Dna2 helicase-defective cells exhibit a number of growth defects and fail to progress properly through the cell cycle, even in unperturbed conditions (39). These phenotypes are exacerbated by the deletion of YEN1, but were strongly suppressed upon introduction of the pif1-m2 allele. Thus, dna2-HD pif1-m2 and dna2-HD yen1Δ pif1-m2 cells exhibited near wild-type doubling times, viability, and cell-cycle progression at the G2/M boundary (Supplementary Figure S4B-D). The pif1-m2 allele also suppressed background DNA damage-checkpoint activation and the accumulation of G2/M-arrested cells with a large-budded morphology that characterizes dna2-HD and dna2-HD yen1Δ cultures (Supplementary Figure S4E, F).
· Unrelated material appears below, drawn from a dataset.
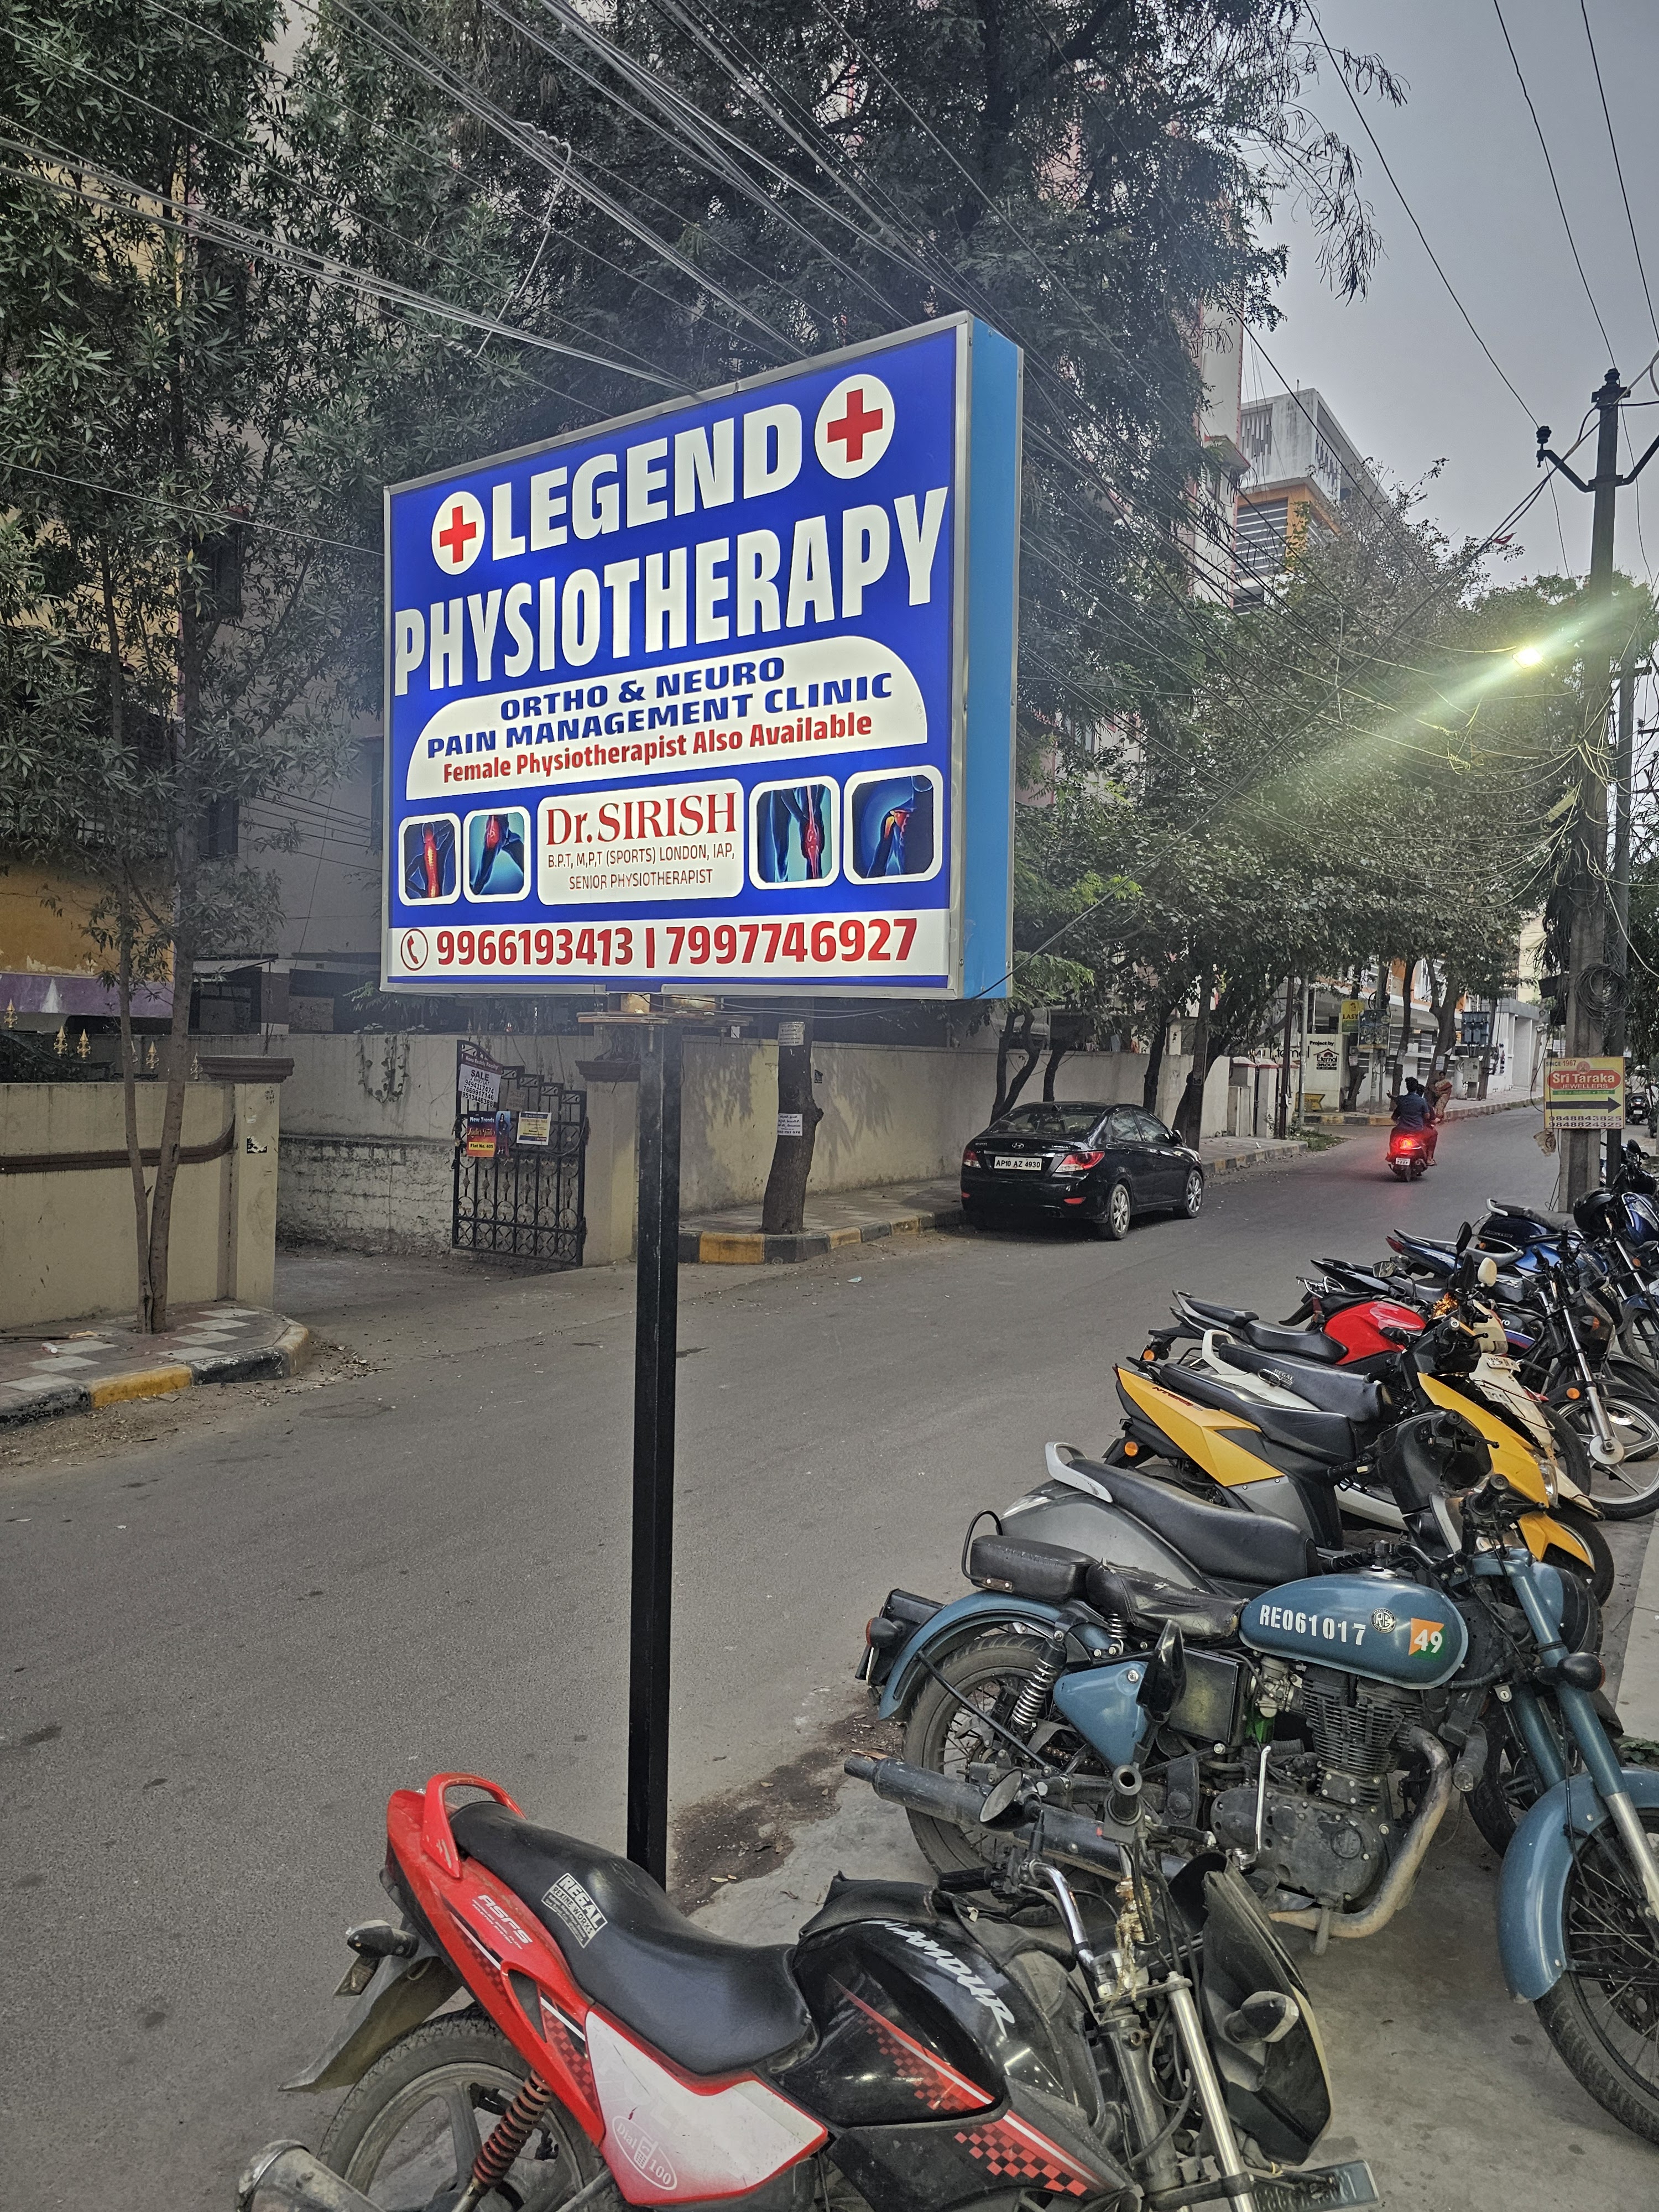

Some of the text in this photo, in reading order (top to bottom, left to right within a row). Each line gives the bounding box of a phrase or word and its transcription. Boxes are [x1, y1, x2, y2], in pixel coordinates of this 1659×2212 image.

Under RS conditions, we observed that the pif1-m2 allele conferred increased RS-resistance to dna2-HD and dna2-HD yen1Δ cells (Figure 5A), which is in line with previous findings (14). However, dna2-HD pif1-m2 and, to a greater extent, dna2-HD yen1Δ pif1-m2 cells remain RS-sensitive compared to pif1-m2 and yen1Δ pif1-m2 control cells, which is revealed by colony size measurements (Supplementary Figure S4G, H). Next, we sought to clarify whether the Pif1-independent defect in RF recovery and faithful chromosome replication in Dna2-defective cells and the strong Pif1-dependent toxicity arising in these cells are connected.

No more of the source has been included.